***** Input data *****

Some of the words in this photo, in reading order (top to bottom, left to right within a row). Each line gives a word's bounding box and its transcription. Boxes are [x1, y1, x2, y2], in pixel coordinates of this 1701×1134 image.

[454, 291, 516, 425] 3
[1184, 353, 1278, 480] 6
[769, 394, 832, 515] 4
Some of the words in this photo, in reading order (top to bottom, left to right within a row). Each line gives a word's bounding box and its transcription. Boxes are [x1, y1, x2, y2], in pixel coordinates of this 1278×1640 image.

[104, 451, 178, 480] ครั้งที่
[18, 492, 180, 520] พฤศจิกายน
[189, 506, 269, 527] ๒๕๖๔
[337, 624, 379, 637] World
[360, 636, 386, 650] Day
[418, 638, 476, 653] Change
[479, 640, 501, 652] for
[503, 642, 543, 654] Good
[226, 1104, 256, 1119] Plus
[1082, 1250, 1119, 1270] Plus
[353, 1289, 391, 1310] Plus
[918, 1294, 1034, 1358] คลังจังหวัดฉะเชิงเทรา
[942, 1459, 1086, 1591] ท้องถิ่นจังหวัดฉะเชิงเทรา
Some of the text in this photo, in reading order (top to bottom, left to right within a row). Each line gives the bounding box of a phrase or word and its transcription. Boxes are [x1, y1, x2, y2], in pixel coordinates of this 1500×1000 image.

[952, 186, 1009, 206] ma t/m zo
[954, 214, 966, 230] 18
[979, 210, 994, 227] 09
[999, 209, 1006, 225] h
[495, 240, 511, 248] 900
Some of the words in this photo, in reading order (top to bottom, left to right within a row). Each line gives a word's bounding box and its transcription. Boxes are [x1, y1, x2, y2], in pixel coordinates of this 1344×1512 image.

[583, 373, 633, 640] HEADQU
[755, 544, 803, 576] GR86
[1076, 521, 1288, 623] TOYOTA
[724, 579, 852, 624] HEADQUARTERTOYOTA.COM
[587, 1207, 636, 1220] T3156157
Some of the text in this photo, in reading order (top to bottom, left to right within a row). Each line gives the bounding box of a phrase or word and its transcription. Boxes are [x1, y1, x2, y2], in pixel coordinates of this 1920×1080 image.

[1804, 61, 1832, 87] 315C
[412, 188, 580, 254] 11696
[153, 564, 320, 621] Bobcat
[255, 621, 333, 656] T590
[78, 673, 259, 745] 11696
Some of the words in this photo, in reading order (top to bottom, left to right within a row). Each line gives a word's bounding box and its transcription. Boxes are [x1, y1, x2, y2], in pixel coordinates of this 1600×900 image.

*****

— What you need to do —
Please give back all of the data exactly as it appears.

— Response to the exercise —
Some of the words in this photo, in reading order (top to bottom, left to right within a row). Each line gives a word's bounding box and its transcription. Boxes are [x1, y1, x2, y2], in pixel coordinates of this 1701×1134 image.

[454, 291, 516, 425] 3
[1184, 353, 1278, 480] 6
[769, 394, 832, 515] 4
Some of the words in this photo, in reading order (top to bottom, left to right within a row). Each line gives a word's bounding box and its transcription. Boxes are [x1, y1, x2, y2], in pixel coordinates of this 1278×1640 image.

[104, 451, 178, 480] ครั้งที่
[18, 492, 180, 520] พฤศจิกายน
[189, 506, 269, 527] ๒๕๖๔
[337, 624, 379, 637] World
[360, 636, 386, 650] Day
[418, 638, 476, 653] Change
[479, 640, 501, 652] for
[503, 642, 543, 654] Good
[226, 1104, 256, 1119] Plus
[1082, 1250, 1119, 1270] Plus
[353, 1289, 391, 1310] Plus
[918, 1294, 1034, 1358] คลังจังหวัดฉะเชิงเทรา
[942, 1459, 1086, 1591] ท้องถิ่นจังหวัดฉะเชิงเทรา
Some of the text in this photo, in reading order (top to bottom, left to right within a row). Each line gives the bounding box of a phrase or word and its transcription. Boxes are [x1, y1, x2, y2], in pixel coordinates of this 1500×1000 image.

[952, 186, 1009, 206] ma t/m zo
[954, 214, 966, 230] 18
[979, 210, 994, 227] 09
[999, 209, 1006, 225] h
[495, 240, 511, 248] 900
Some of the words in this photo, in reading order (top to bottom, left to right within a row). Each line gives a word's bounding box and its transcription. Boxes are [x1, y1, x2, y2], in pixel coordinates of this 1344×1512 image.

[583, 373, 633, 640] HEADQU
[755, 544, 803, 576] GR86
[1076, 521, 1288, 623] TOYOTA
[724, 579, 852, 624] HEADQUARTERTOYOTA.COM
[587, 1207, 636, 1220] T3156157
Some of the text in this photo, in reading order (top to bottom, left to right within a row). Each line gives the bounding box of a phrase or word and its transcription. Boxes are [x1, y1, x2, y2], in pixel coordinates of this 1920×1080 image.

[1804, 61, 1832, 87] 315C
[412, 188, 580, 254] 11696
[153, 564, 320, 621] Bobcat
[255, 621, 333, 656] T590
[78, 673, 259, 745] 11696
Some of the words in this photo, in reading order (top to bottom, left to right within a row). Each line gives a word's bounding box and its transcription. Boxes are [x1, y1, x2, y2], in pixel coordinates of this 1600×900 image.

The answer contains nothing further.